The cost of the constellation is huge: some $2.42 billion. For much of the past two years Ganley has given interview after interview outlining the clear benefits of his laser-equipped, and thus highly secure, fleet. But first the satellites must be built and launched.

In February 2023 Rivada signed with Boca Raton-based Terran Orbital to design and manufacture the fleet. But other than minor stage payments it seems that the major bulk of the financing (“from a Middle East sovereign wealth fund”) has failed to arrive. The delays caused Terran to suspend all work on the Rivada contract until more cash was on the table. Terran was building a new 94,000 sq ft factory for the Rivada business, but was fast running out of money and Lockheed Martin (LM) stepped in with a $450 million rescue.

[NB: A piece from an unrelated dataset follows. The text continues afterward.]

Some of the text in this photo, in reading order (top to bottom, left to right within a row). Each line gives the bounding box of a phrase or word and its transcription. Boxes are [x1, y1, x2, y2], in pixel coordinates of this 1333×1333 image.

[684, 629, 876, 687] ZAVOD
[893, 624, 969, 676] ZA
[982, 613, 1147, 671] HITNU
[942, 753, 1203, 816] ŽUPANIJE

LM looked at Terran’s books and determined that Terran had a major problem: the Rivada contract. Rivada had only paid $13.4 million to Terran for early-stage work on its constellation and reportedly significantly less than the $180 million expected. Rivada is reported to have missed key stage payment obligations to Terran which were claimed to be essential to the project’s development.

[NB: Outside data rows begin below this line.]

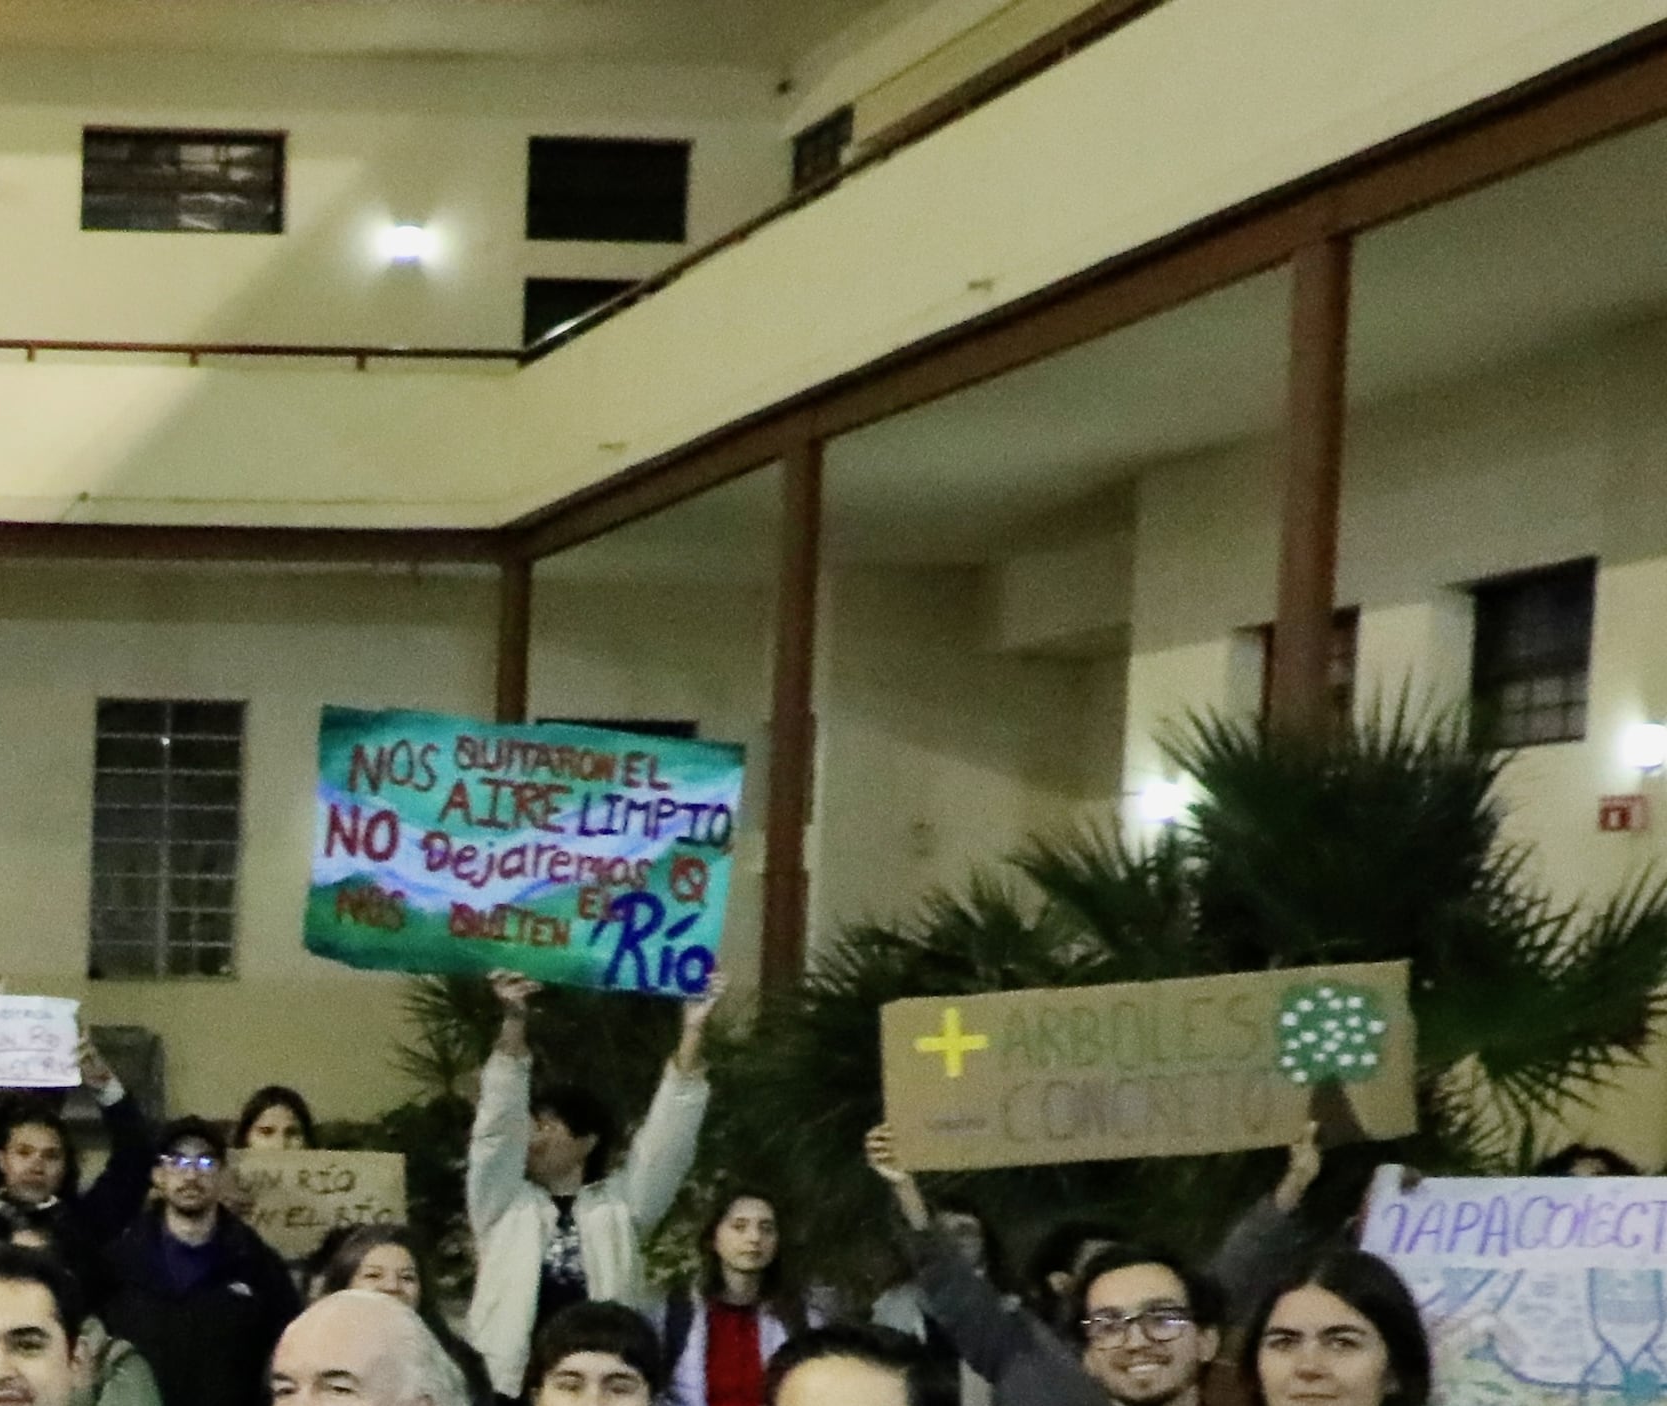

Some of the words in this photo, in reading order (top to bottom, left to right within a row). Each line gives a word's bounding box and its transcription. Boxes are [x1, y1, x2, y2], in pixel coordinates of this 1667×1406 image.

[347, 739, 438, 796] NOS
[455, 735, 615, 782] QUITARON
[622, 751, 672, 791] EL
[324, 802, 401, 863] NO
[439, 776, 572, 834] AIRE
[284, 1204, 327, 1229] EL

LM, in its March offer to buy Terran, made its opinion abundantly clear that it did not believe Rivada’s financing was in place. LM in August said that it was now Terran’s biggest customer, with no mention of Rivada and stated bluntly that LM accounts for 91 percent of Terran’s current funded backlog of contracts if Rivada is ignored.

“We are carrying on with Terran as our supplier and we don’t expect the acquisition to affect our contract with them or our timelines,” a Rivada spokesperson commented on August 16th.

However, it has now emerged that Rivada Space Networks was on August 19th ordered by a Munich court to pay an overdue bill from OHB System for a Phase 2 study contract dating back to 2022. The amount is €1.76 million, plus accumulating interest. On September 18th an official from OHB said the bill has now increased to more than €2.2 million.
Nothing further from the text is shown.